Het onderzoek, gepubliceerd in het vakblad Immunity, richtte zich op het Systemic Inflammatory Response Syndrome (SIRS), ofwel bloedvergiftiging. Deze wordt opgewekt door de tumor necrose factor (TNF). Deze cytokine zorgt voor een ontstekingsreactie, nodig voor het herstellen van schade of het aanvechten van een infectie, of het zet aan tot geprogrammeerde celdood.

Geprogrammeerde celdood is een manier voor het lichaam om overbodige of zieke cellen zelfmoord te laten plegen, ten gunste van de gezonde cellen. Dit kan plaatsvinden door middel van verschillende processen, waaronder apoptose en necroptose. Terwijl apoptose nauwelijks het immuunsysteem activeert, veroorzaakt necroptose een hevige reactie.

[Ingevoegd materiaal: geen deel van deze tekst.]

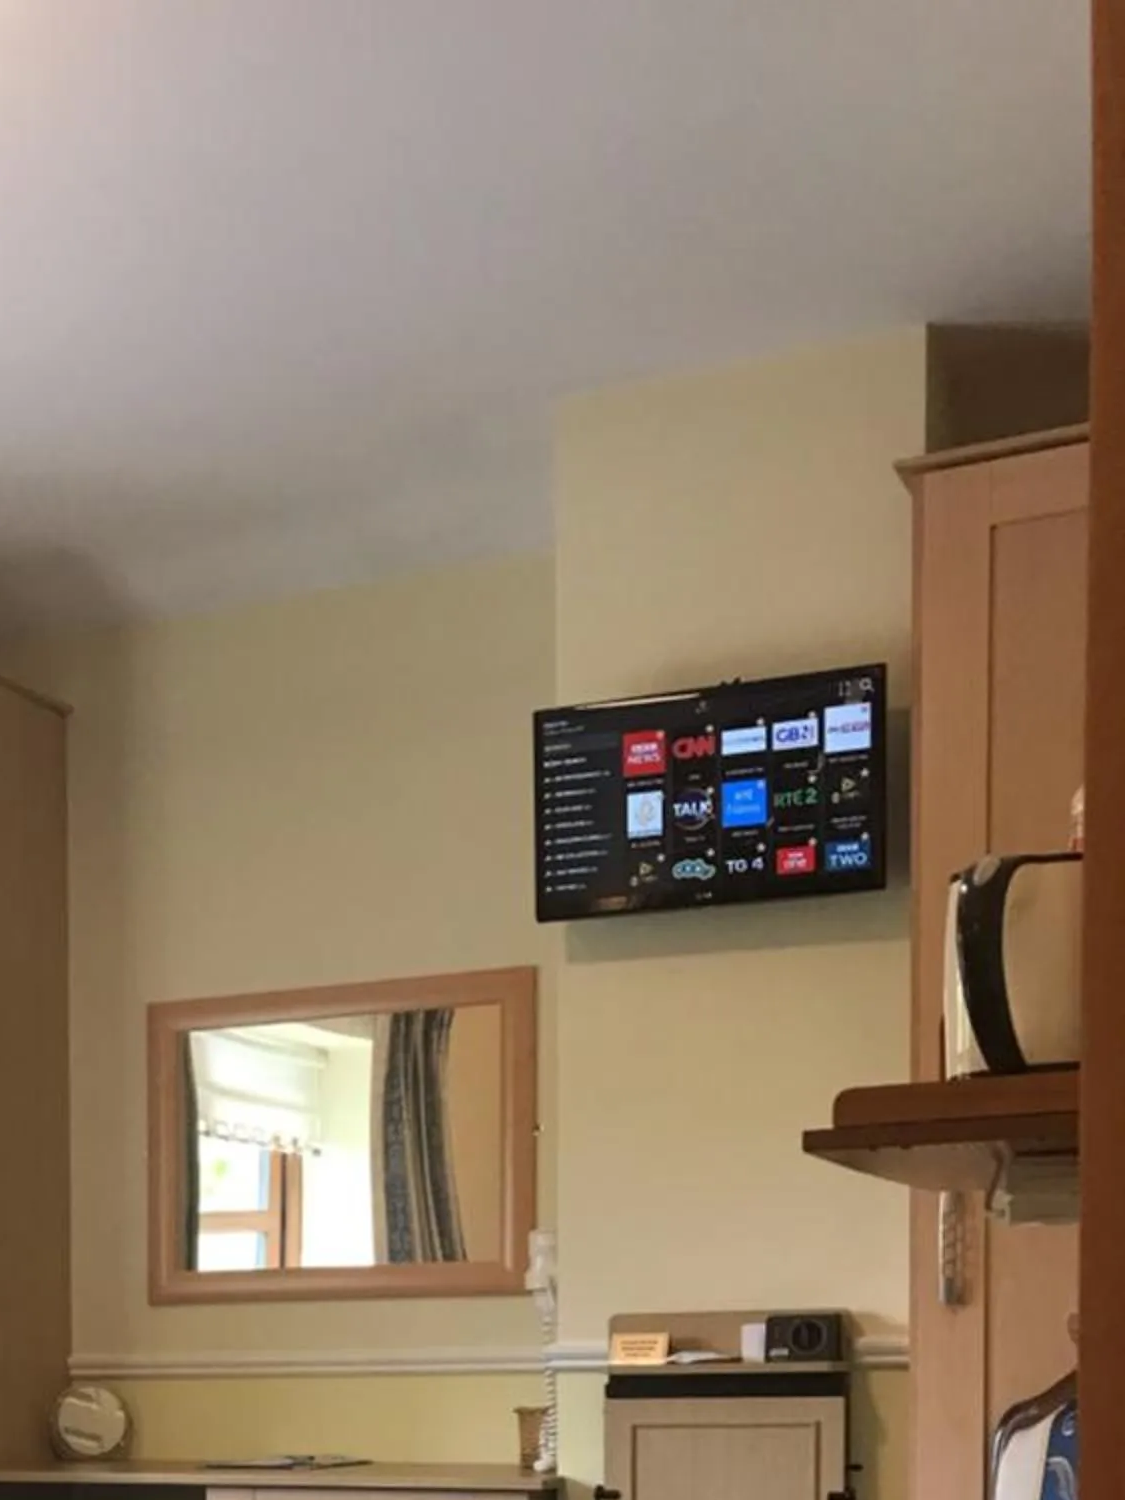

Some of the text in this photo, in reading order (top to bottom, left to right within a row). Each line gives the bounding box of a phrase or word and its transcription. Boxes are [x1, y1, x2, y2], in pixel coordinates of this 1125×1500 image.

Om de rol van de beide celdood processen in relatie tot SIRS te bepalen werden de diverse enzymen die deze processen in gang zetten om en om uitgeschakeld. Hieruit bleek dat necroptose de oorzaak is van dodelijke gevallen van SIRS en apoptose niet. Dit komt doordat bij necroptose de inhoud van de cel zich via de bloedbaan door het hele lichaam verspreidt, terwijl bij apoptose de cel zich in kleine blaasjes verdeelt die netjes en efficiënt opgeruimd kunnen worden. Uitschakeling van de enzymen RIPK1 en RIPK3, die necroptose in gang zetten, voorkomt dus dood door bloedvergiftiging.